A couple dozen members of Congress dropped by a fancy events space near the United Center, as did New York Mayor Eric Adams, Kentucky Gov. Andy Beshear, and a passel of other national figures. Scores of elected officials addressed the gathering. “This problem we’ve had with some elements of the Democratic Party is horrendous, but it’s not new,” California Congressman Brad Sherman reassured everyone. “The other side can’t win elections. That’s why they’re blocking traffic.”

Don’t worry, we’re winning! Across over an hour of speeches, Eric Adams, the eccentric who runs the nation’s largest city, was one of the few who strayed beyond the bounds of in-group reassurance. “It’s become popular to hate,” fretted Adams in the event’s most candid moment of intracoalition criticism. “The days of just having dinners or idle conversations are over” for Jews who want to form connections to the Black community, he said. “We need to go outside our comfort zone and bring the young people along.”

The same unspoken anxieties hovered over every speech and over the event in general. Kamala Harris is not Joe Biden. Are there differences between the two of them on Israel that we will only learn of once she becomes president? “She was intimately involved in core decision-making throughout the conflict,” said Mark Mellman, veteran Democratic consultant and president of DMFI. “I think that’s important evidence.”

For skeptics, direct participation in post-Oct. 7 policies, which include sanctions relief for Iran and a U.S.-brokered effort to redraw Israel’s border with Lebanon to bring it closer to Hezbollah’s demands, will be mixed proof of Harris’ pro-Israel bona fides. Luckily DMFI has printed up a 14-page booklet of “Kamala Harris’ Twenty-Year Record of Pro-Israel Statements and Actions,” which includes sections outlining her opposition to BDS and her support for the Abraham Accords.

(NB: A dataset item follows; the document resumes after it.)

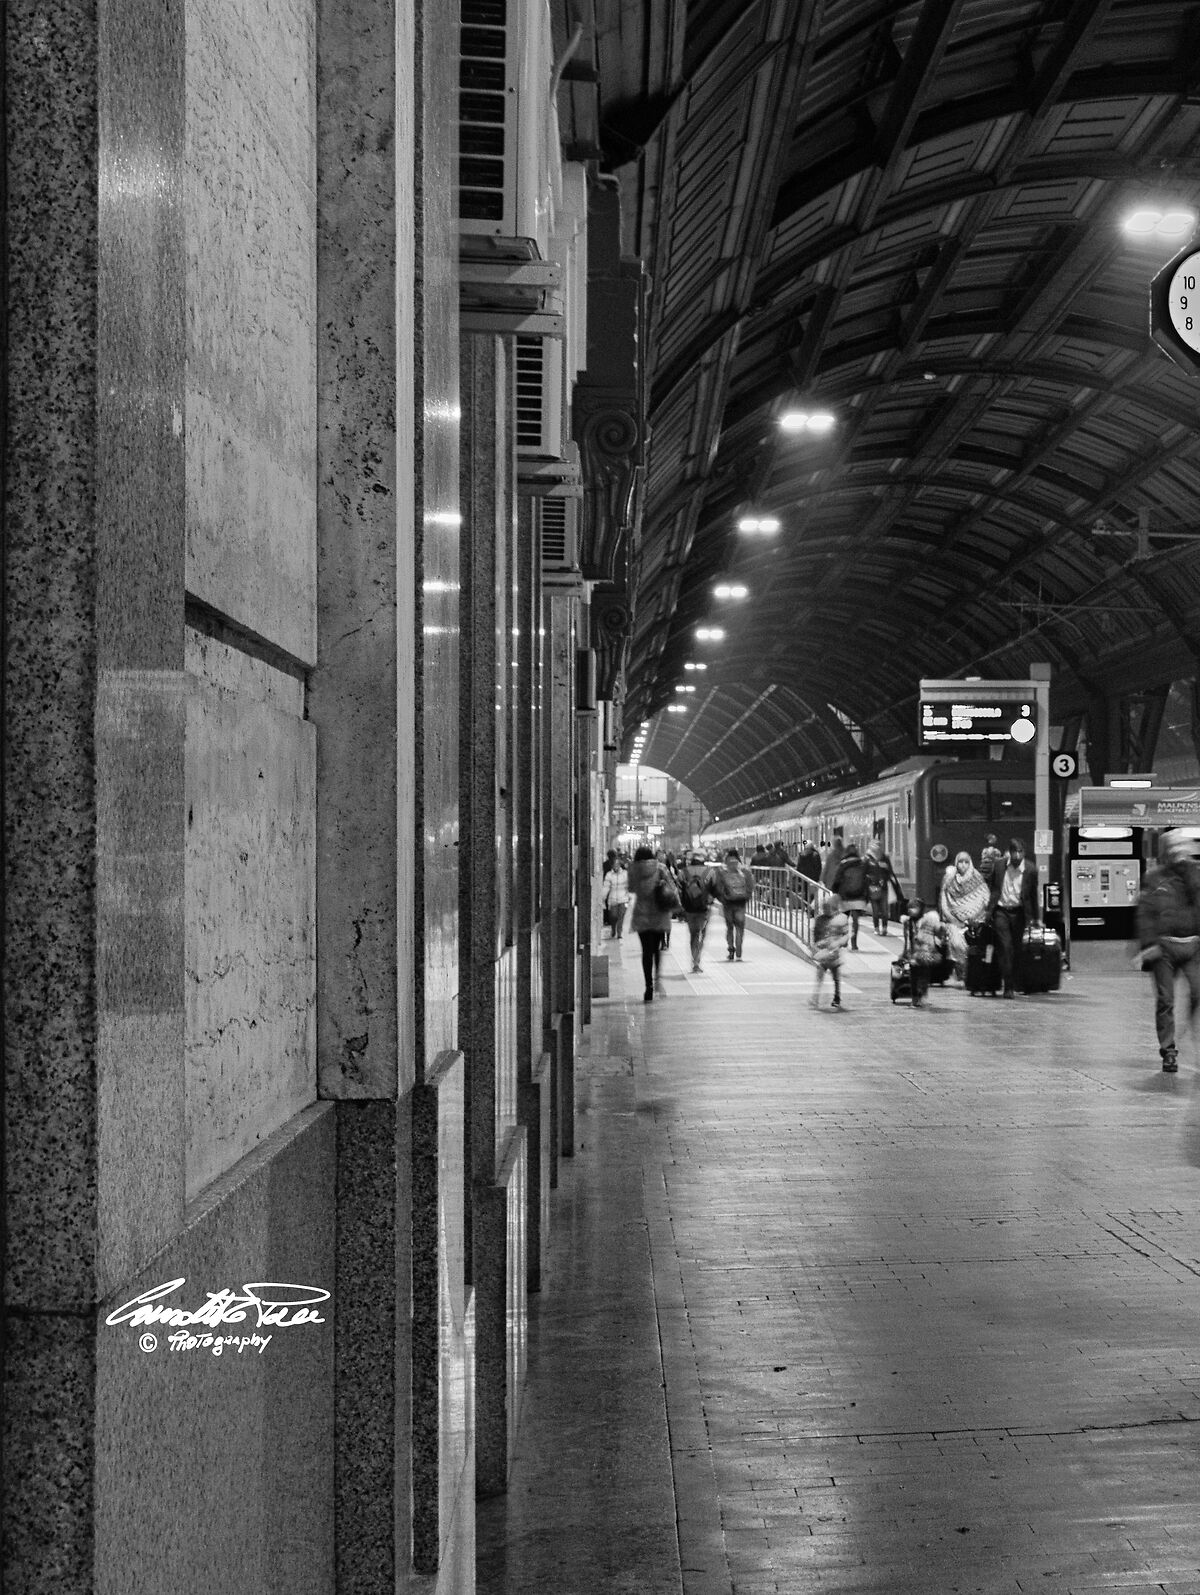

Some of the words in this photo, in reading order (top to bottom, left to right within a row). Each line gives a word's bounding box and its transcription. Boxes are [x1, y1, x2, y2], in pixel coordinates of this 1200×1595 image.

But hadn’t Harris surrounded herself with key figures from the pro-Iran deal wing of the Democratic foreign policy establishment, and wasn’t Ilan Goldenberg, her campaign’s Jewish liaison, a former adviser to Elizabeth Warren, who is far to the left of much of the Jewish community on Israel? “This is history,” replied Mellman, “in some cases almost ancient history. You don’t have a lot of people talking about resuscitating the Iran deal.” Besides which, “the president and the vice president make the policy,” not their staff. As for getting something, anything from the convention stage beyond the hostages-and-ceasefire formula: “I’m hopeful that tomorrow night we’ll hear some strong statements from Vice President Harris.”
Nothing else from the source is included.